Records excerpted from a collection:

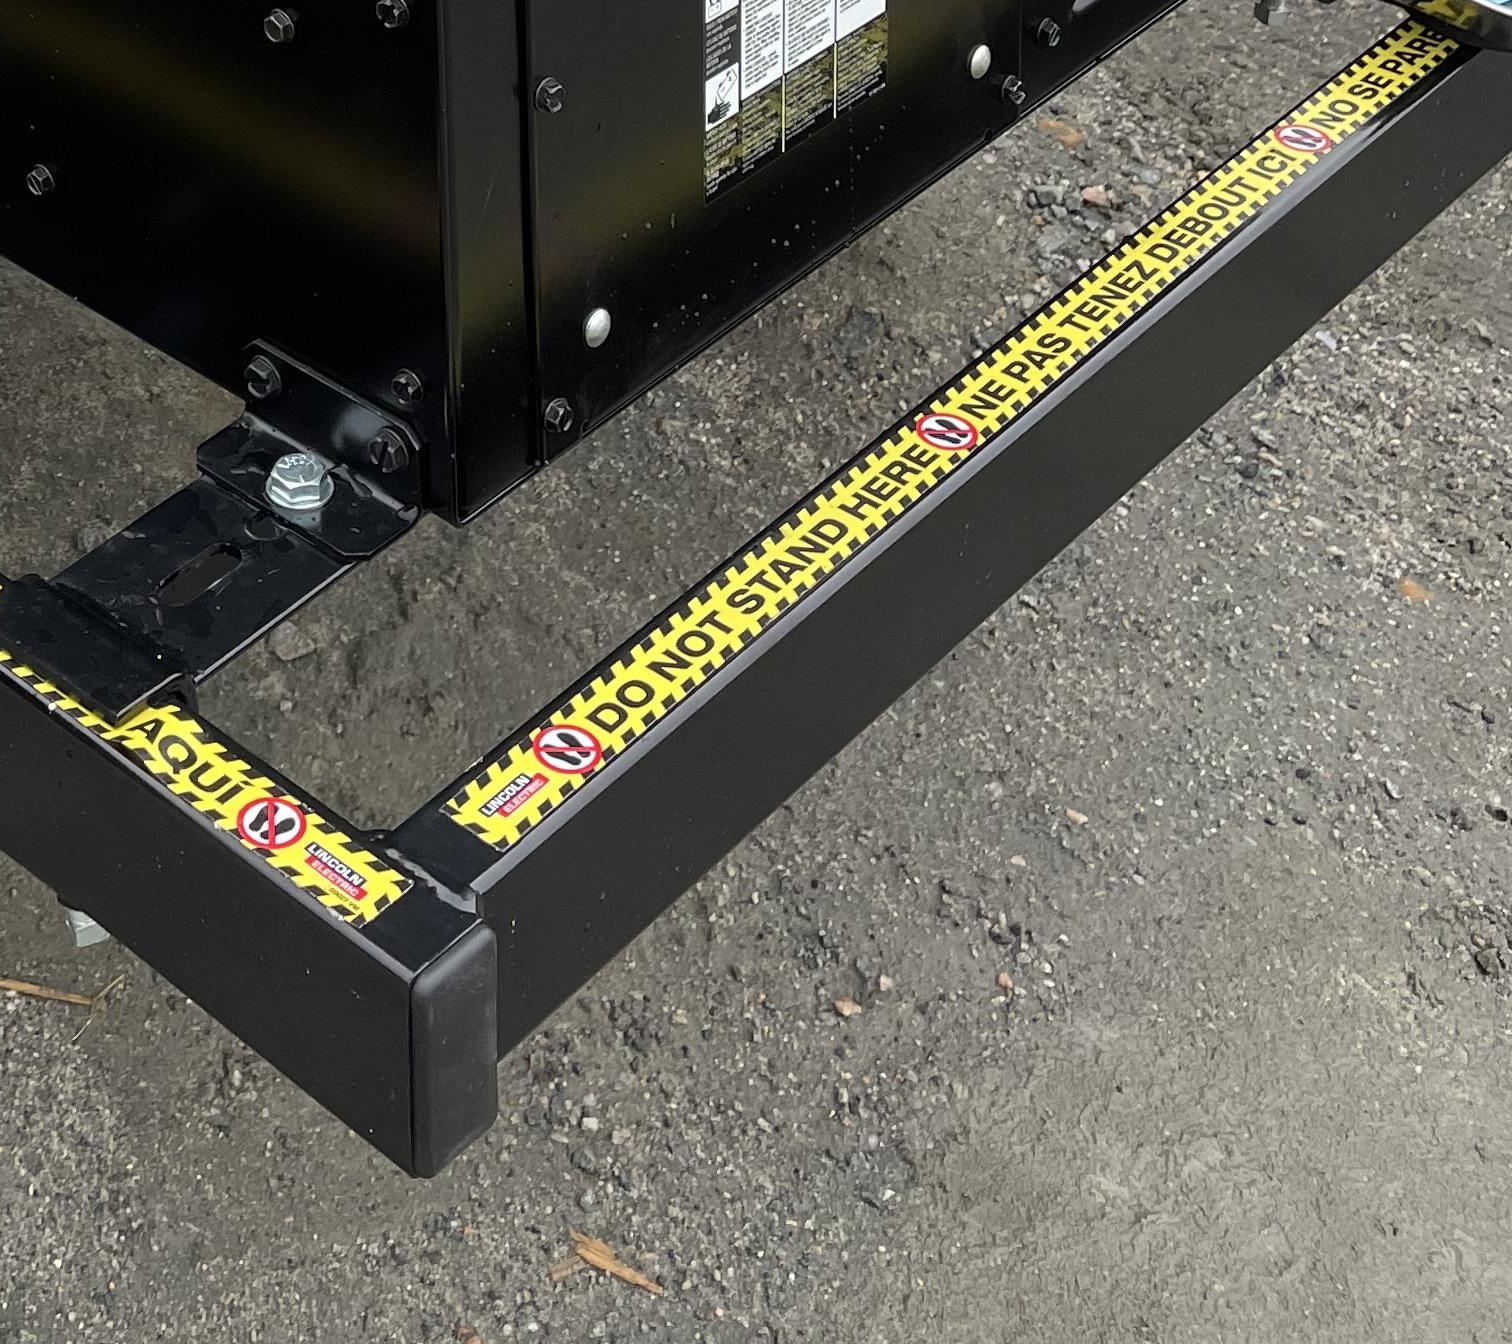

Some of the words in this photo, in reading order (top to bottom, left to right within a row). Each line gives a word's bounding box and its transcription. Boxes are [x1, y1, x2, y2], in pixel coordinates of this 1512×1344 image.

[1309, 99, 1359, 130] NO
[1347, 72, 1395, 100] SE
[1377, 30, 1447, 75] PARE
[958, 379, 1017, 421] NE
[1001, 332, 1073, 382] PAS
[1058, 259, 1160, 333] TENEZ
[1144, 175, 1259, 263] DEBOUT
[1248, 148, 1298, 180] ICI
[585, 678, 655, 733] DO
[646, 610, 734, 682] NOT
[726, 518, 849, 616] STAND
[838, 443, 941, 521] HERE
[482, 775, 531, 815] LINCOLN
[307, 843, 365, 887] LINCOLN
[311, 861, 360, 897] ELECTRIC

TASK BRIEF: No pictures should appear in the copy, and each record above is to be returned exactly.

RESPONSE AREA:
Some of the words in this photo, in reading order (top to bottom, left to right within a row). Each line gives a word's bounding box and its transcription. Boxes are [x1, y1, x2, y2], in pixel coordinates of this 1512×1344 image.

[1309, 99, 1359, 130] NO
[1347, 72, 1395, 100] SE
[1377, 30, 1447, 75] PARE
[958, 379, 1017, 421] NE
[1001, 332, 1073, 382] PAS
[1058, 259, 1160, 333] TENEZ
[1144, 175, 1259, 263] DEBOUT
[1248, 148, 1298, 180] ICI
[585, 678, 655, 733] DO
[646, 610, 734, 682] NOT
[726, 518, 849, 616] STAND
[838, 443, 941, 521] HERE
[482, 775, 531, 815] LINCOLN
[307, 843, 365, 887] LINCOLN
[311, 861, 360, 897] ELECTRIC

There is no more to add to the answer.